= DESCRIPTION OF THE TASK =
Would you repeat the data below exactly, taking out the images?

= RECORDS PROVIDED =
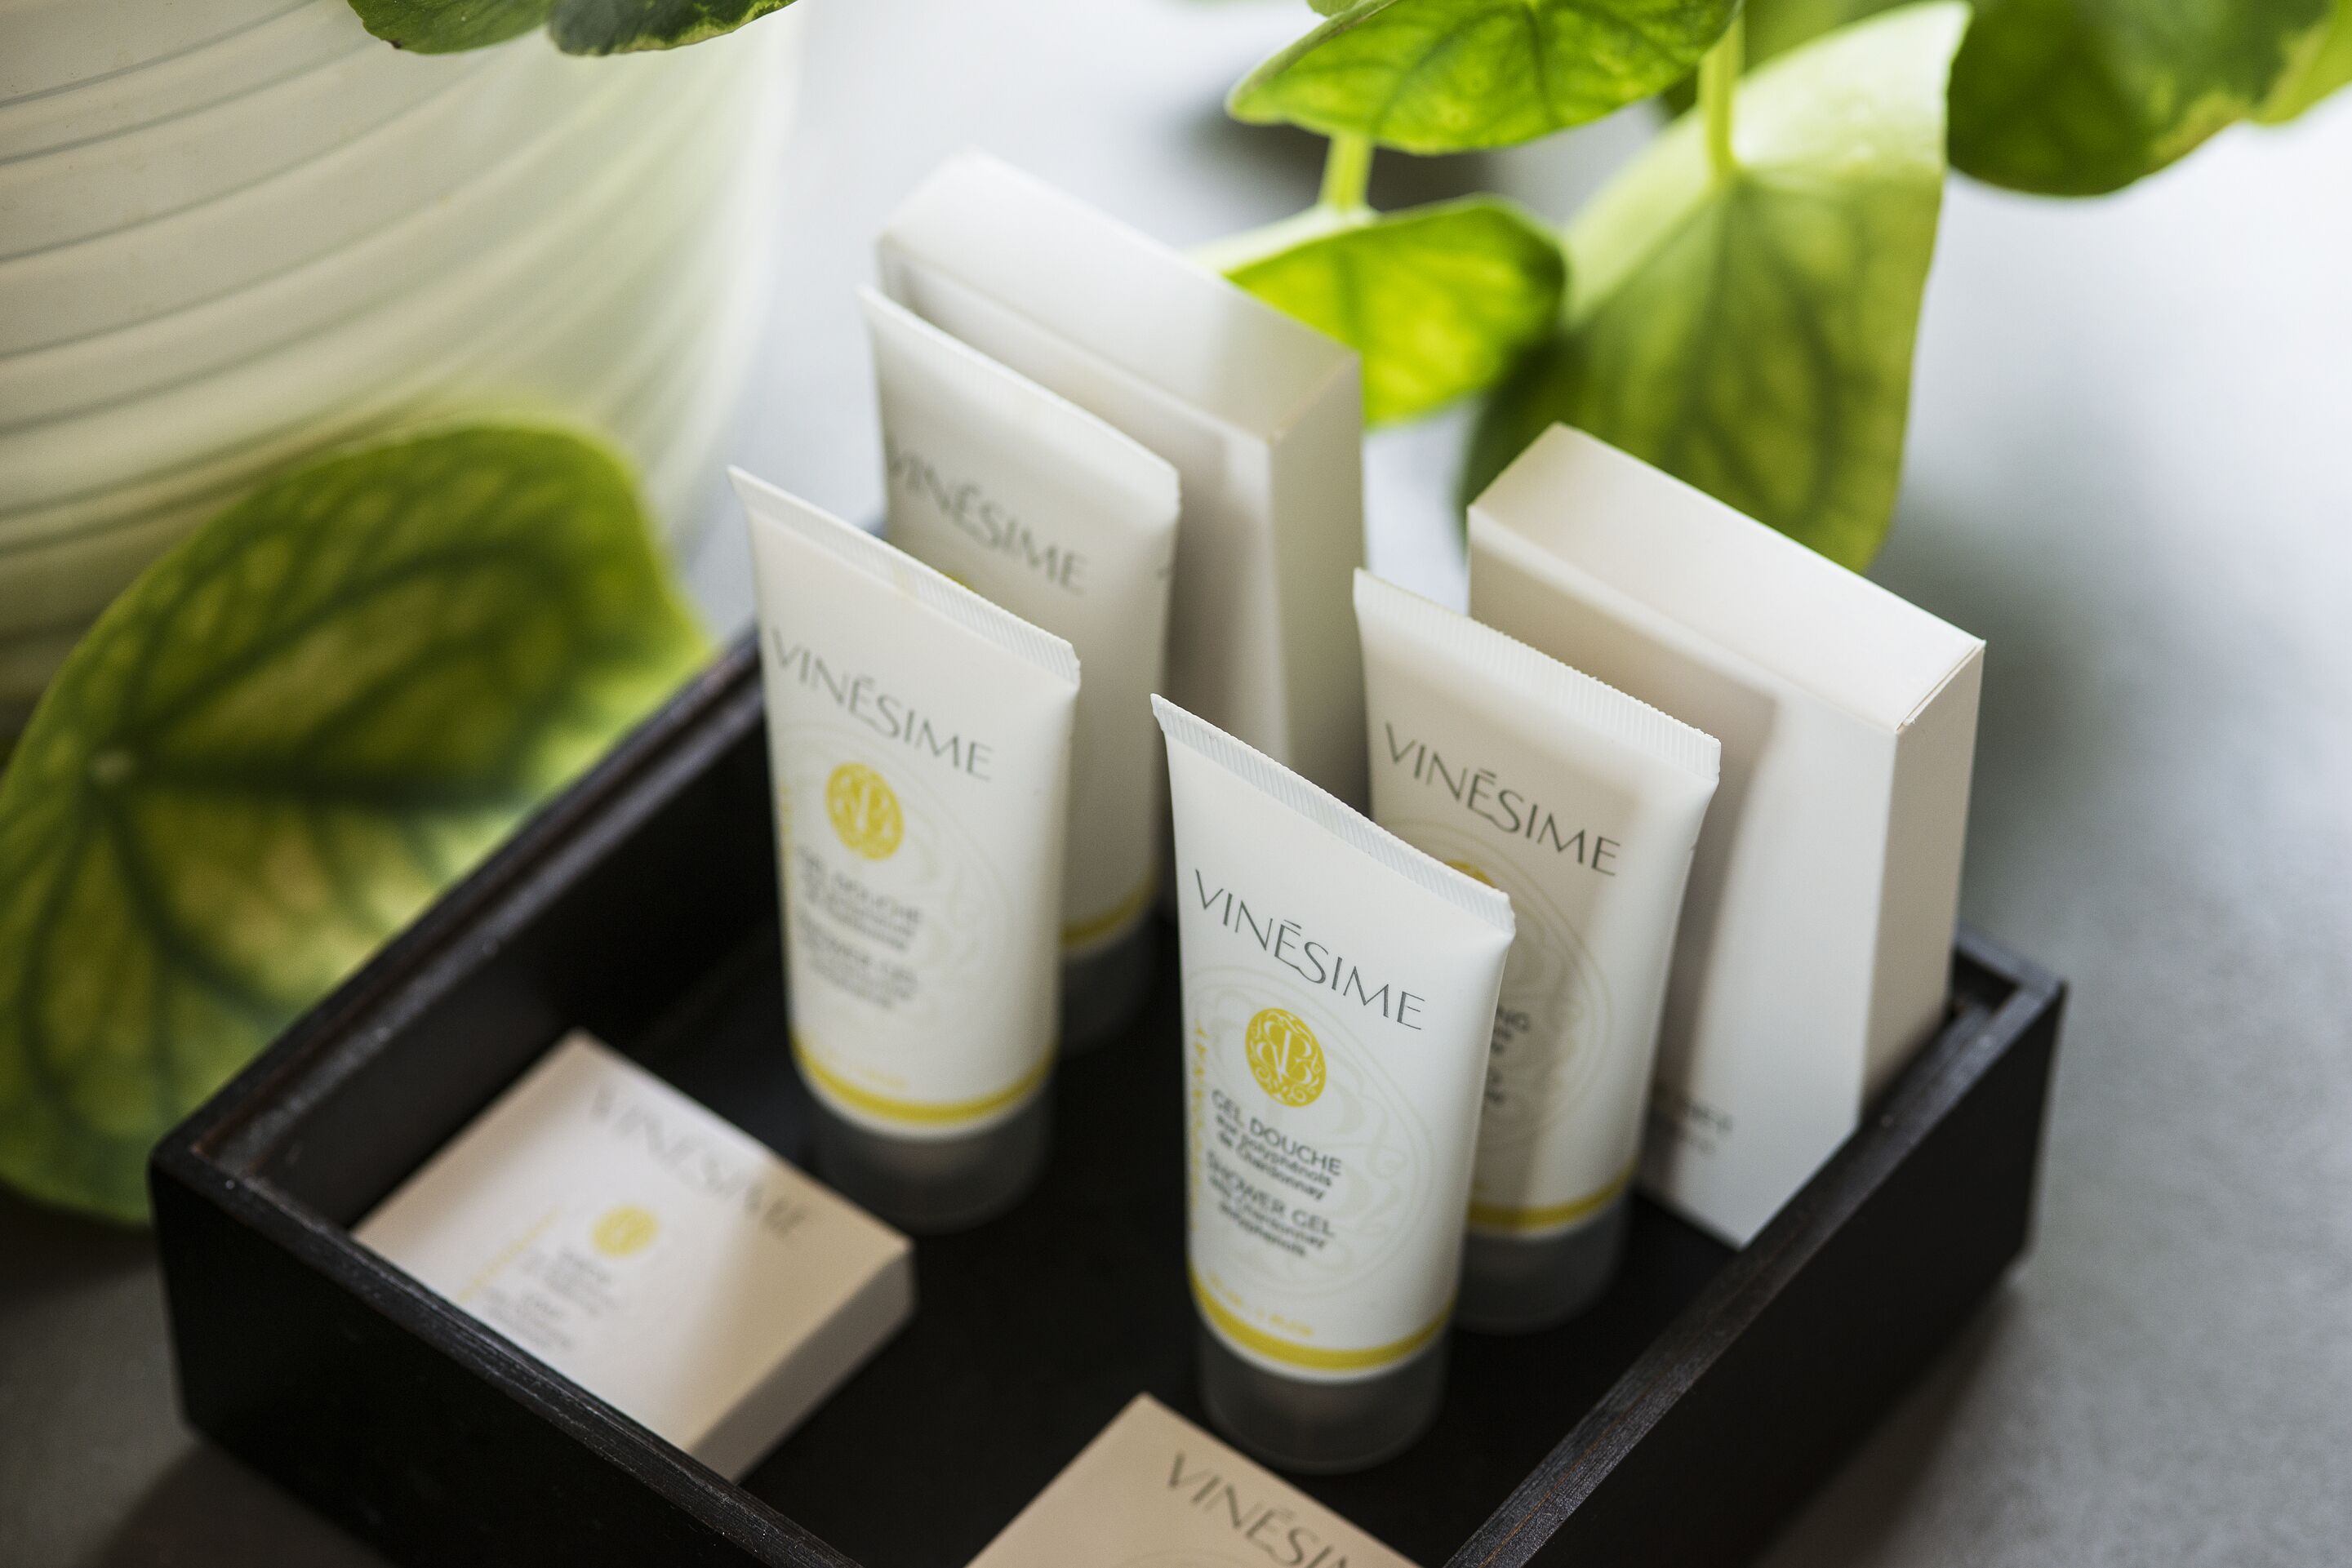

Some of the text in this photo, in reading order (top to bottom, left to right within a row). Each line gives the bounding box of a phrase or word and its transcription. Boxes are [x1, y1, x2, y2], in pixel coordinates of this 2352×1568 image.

[1385, 721, 1621, 877] VINÉSIME
[1194, 868, 1426, 1030] VINÉSIME
[1212, 1089, 1342, 1176] GEL DOUCHE
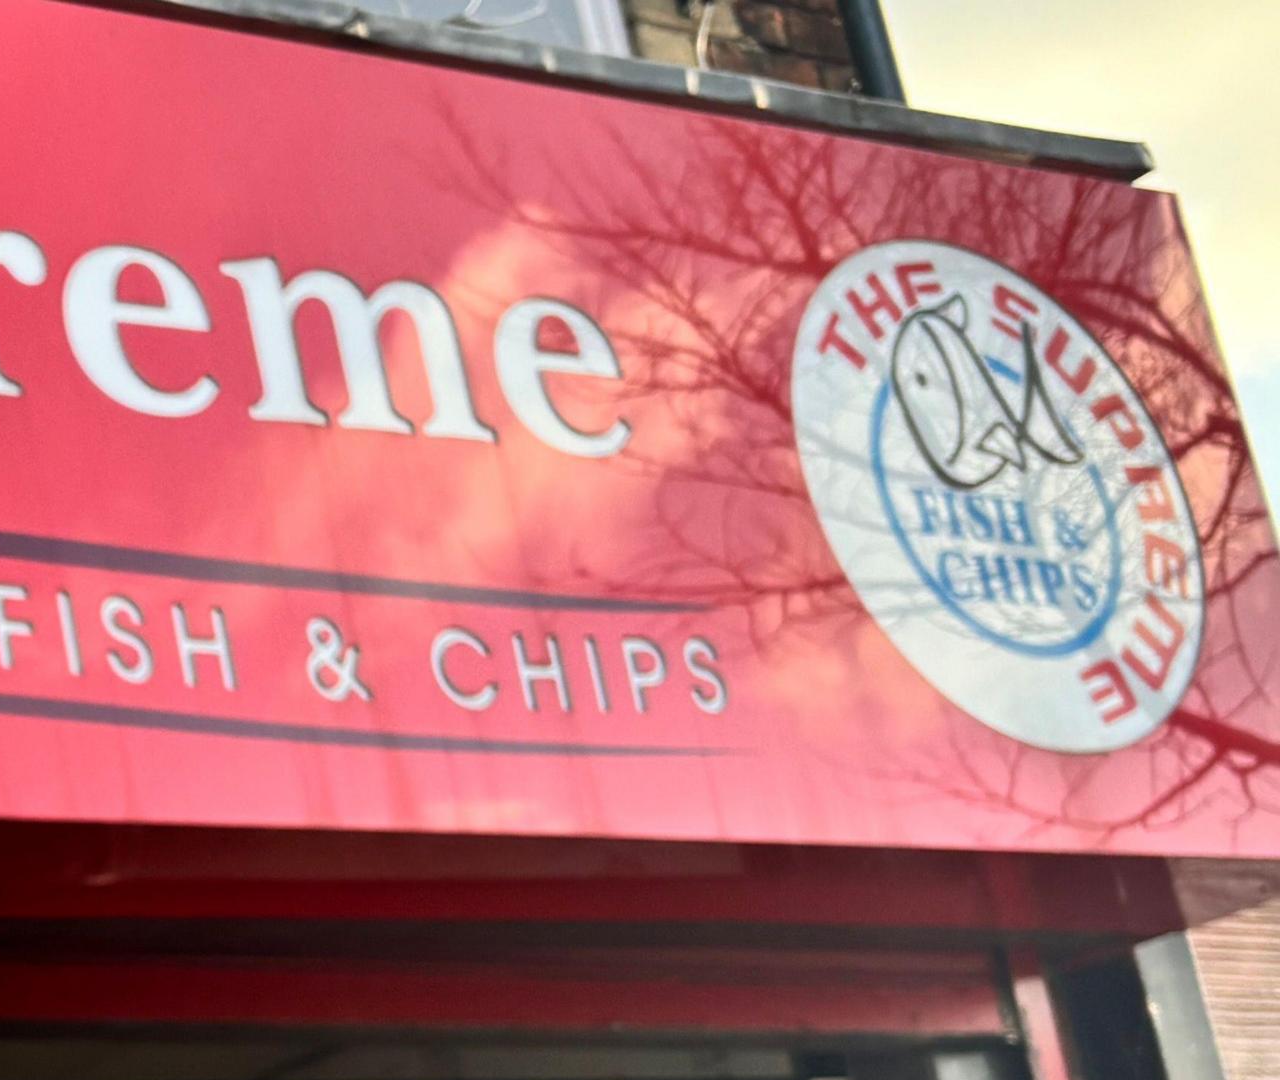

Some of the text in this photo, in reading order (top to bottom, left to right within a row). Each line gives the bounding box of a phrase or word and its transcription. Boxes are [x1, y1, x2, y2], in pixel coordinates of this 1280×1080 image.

[817, 261, 1190, 725] THE SUPREME
[912, 486, 1091, 554] FISH &
[936, 549, 1100, 614] CHIPS
[305, 617, 373, 702] &
[428, 627, 728, 715] CHIPS

= RESPONSE BOX =
Some of the text in this photo, in reading order (top to bottom, left to right within a row). Each line gives the bounding box of a phrase or word and its transcription. Boxes are [x1, y1, x2, y2], in pixel coordinates of this 2352×1568 image.

[1385, 721, 1621, 877] VINÉSIME
[1194, 868, 1426, 1030] VINÉSIME
[1212, 1089, 1342, 1176] GEL DOUCHE

Some of the text in this photo, in reading order (top to bottom, left to right within a row). Each line gives the bounding box of a phrase or word and its transcription. Boxes are [x1, y1, x2, y2], in pixel coordinates of this 1280×1080 image.

[817, 261, 1190, 725] THE SUPREME
[912, 486, 1091, 554] FISH &
[936, 549, 1100, 614] CHIPS
[305, 617, 373, 702] &
[428, 627, 728, 715] CHIPS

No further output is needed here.